Figure 8. Top 50 MAGs species clustering tree and sample clustering tree. MAGs and the similarity of abundance between samples were clustered. The shades of different colors represent the abundance of species. CK, control; BC4, 4% biochar; BC8, 8% biochar; BC12, 12% biochar; COM, 7.5% compost; BCC4, 4% biochar + 7.5% compost; BCC8, 8% biochar + 7.5% compost; BCC12, 12% biochar + 7.5% compost.

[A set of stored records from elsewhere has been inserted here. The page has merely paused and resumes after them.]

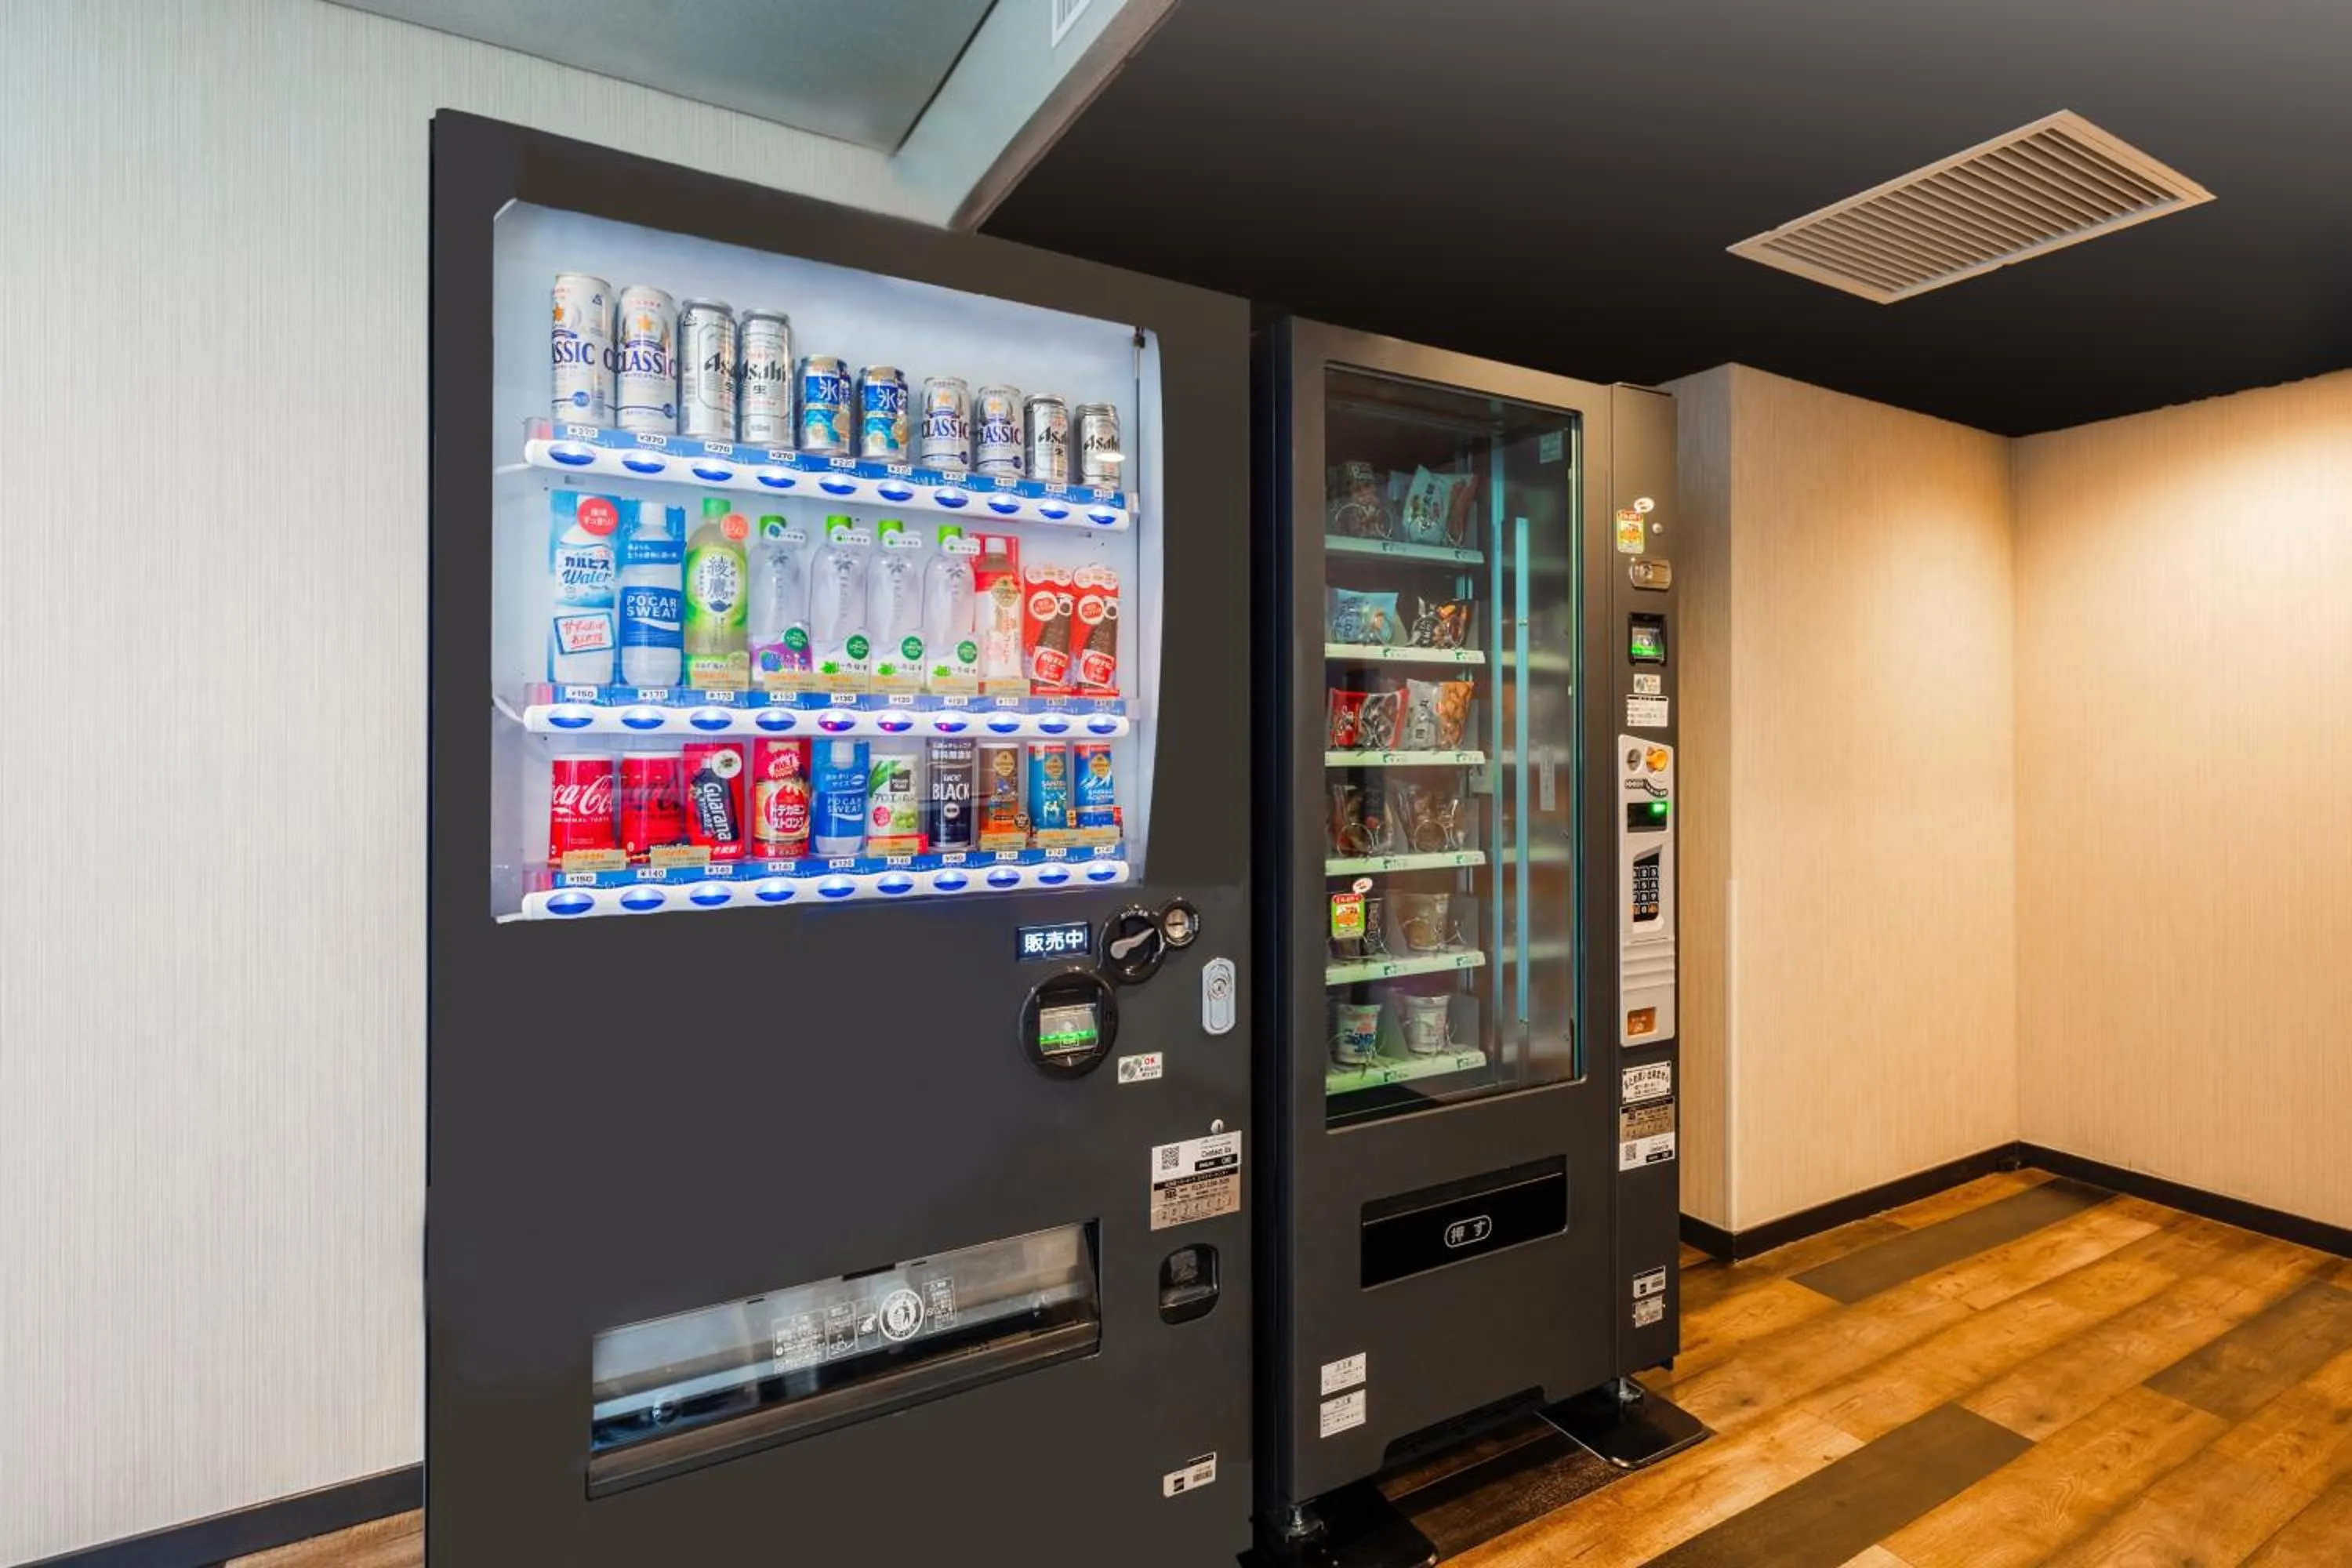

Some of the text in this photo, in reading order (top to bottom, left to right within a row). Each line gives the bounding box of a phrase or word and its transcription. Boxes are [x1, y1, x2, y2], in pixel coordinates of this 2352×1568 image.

[921, 417, 971, 440] CLASSIC
[564, 556, 610, 571] カルピス
[562, 568, 612, 586] Water
[626, 594, 677, 608] POCAR
[626, 606, 677, 619] SWEAT
[933, 783, 970, 800] BLACK
[703, 782, 731, 841] Guarana
[1024, 929, 1083, 953] 販売中
[1450, 1220, 1486, 1244] 押す

In the CK group, MAG130 affiliated with Nitrososphaera (Thermoproteota), with a completeness of 73.79%; MAG143 affiliated with UBA11222 (Pseudomonadota), with a completeness of 99.78%; and MAG149 affiliated with Immundisolibacter (Pseudomonadota), with a completeness of 96.95%, exhibited high abundance. In the COM group, MAG73 (Pseudomonadota, Methylocaldum), with a completeness of 98.71%; MAG69 (Pseudomonadota, Methylocaldum), with a completeness of 79.36%; and MAG170 (Pseudomonadota, Methylocaldum), with a completeness of 85.15%, were highly abundant. In BCC8, MAG79 (Actinomycetota, ZC4RG35), with a completeness of 83.76%; MAG68 (Actinomycetota, ZC4RG17), with a completeness of 86.15%; and MAG156 (Actinomycetota, ZC4RG17), with a completeness of 67.85%, were predominant. The CK and BC groups exhibited lower abundances of MAG79, 73, 69, 68, 156, 170, 191, 33, 127, 184, 169, 113, 186, 30, and 82, whereas the COM and BCC groups demonstrated higher abundance levels, with BCC8 showing the highest overall abundance.

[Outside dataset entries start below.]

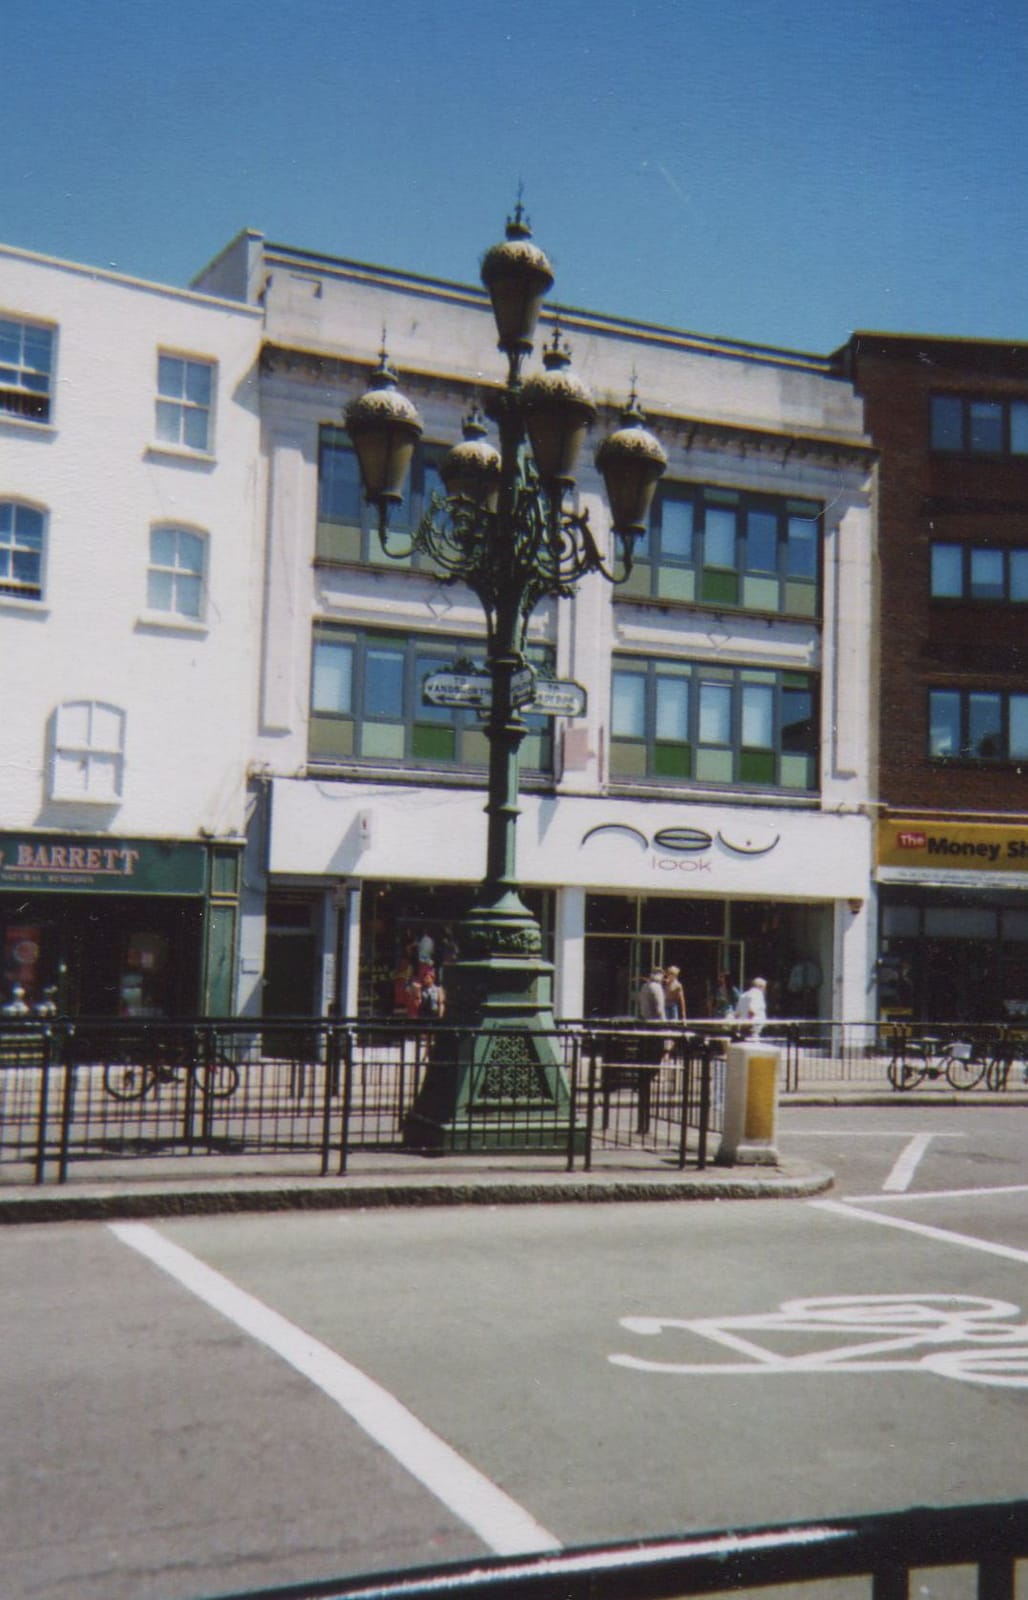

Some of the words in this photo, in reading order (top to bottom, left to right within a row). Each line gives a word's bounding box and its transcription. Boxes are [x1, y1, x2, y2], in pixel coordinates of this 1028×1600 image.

[17, 844, 140, 875] BARRETT
[899, 834, 925, 846] The
[927, 837, 1001, 861] Money
[651, 855, 712, 872] look
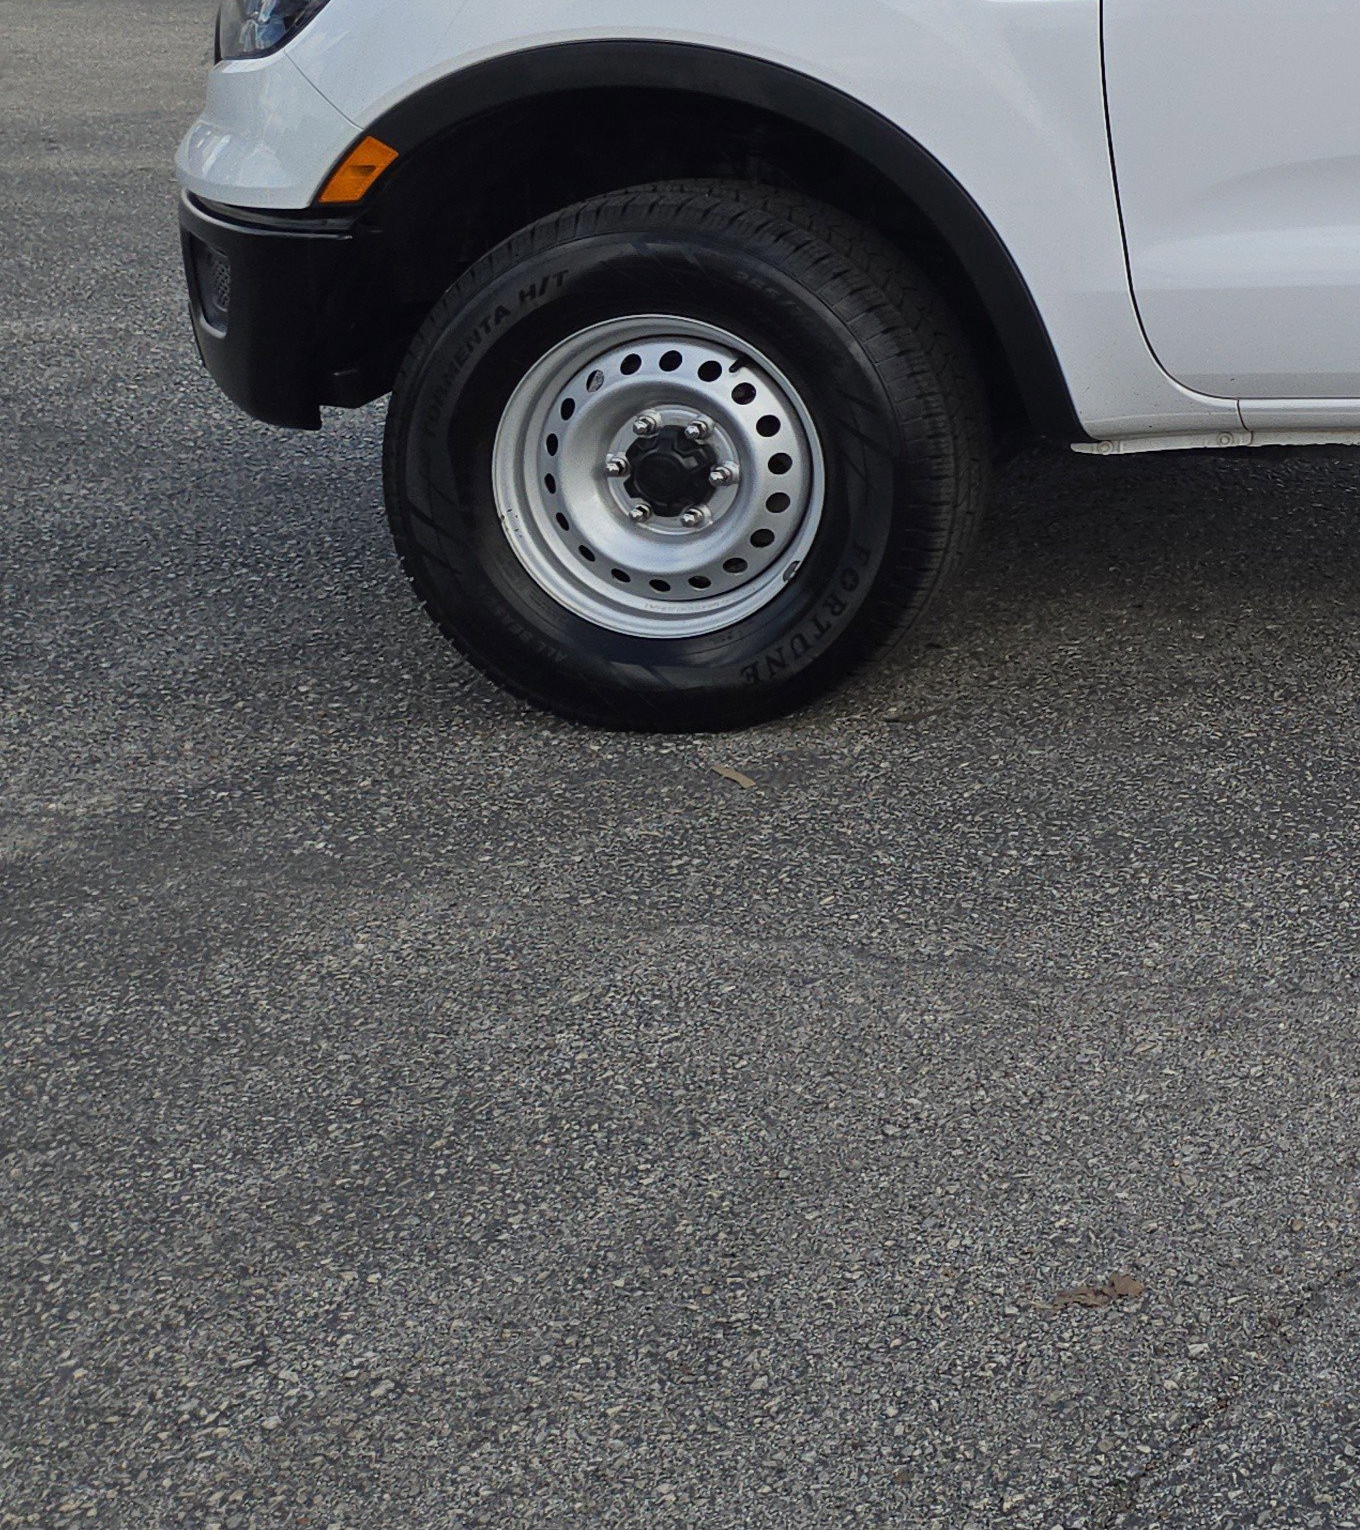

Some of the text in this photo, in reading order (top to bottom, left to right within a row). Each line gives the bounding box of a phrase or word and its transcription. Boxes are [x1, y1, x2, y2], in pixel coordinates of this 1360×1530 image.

3.4.2 Carbon fixation pathways and key genes encoded by microorganisms
Analysis of 182 bacterial MAGs revealed six major carbon fixation pathways and their gene distribution patterns (Liu et al., 2017). These pathways include the Reductive Tricarboxylic Acid cycle (rTCA), Dicarboxylate-4hydroxybutyrate cycle (DC/4-HB) cycle, 3-Hydroxypropionate cycle (3-HP), Calvin-Benson-Bassham cycle (CBB), 3Hydroxypropionate-4hydroxybutyrate cycle (3-HP/4-HB), and Wood-Ljungdahl pathway (Figure 9). Based on gene abundance analysis, the six pathways exhibited significant variations across environmental conditions. The rTCA cycle was the most efficient pathway, with an average gene count of 15.03, exemplified by the core MAG176 (34 genes) adapted to high-temperature environments (60 °C). The DC/4-HB cycle ranked second, with an average of 10.95 genes, dominated by MAG115 (26 genes) under anaerobic sulfur-metabolizing conditions. The 3-HP cycle played a critical role in moderately acidic soils (pH 4.5–5.5), averaging 8.91 genes, as seen in MAG29 (17 genes). The CBB cycle, as a universal pathway, was present in all samples (minimum four genes), averaging 6.15 genes, with MAG59 (17 genes) demonstrating high efficiency in carbon fixation. The 3-HP/4-HB cycle and Wood-Ljungdahl pathway served as specialized complementary routes for phototrophic synergy and strict anaerobic environments, averaging 4.95 and 2.71 genes, respectively.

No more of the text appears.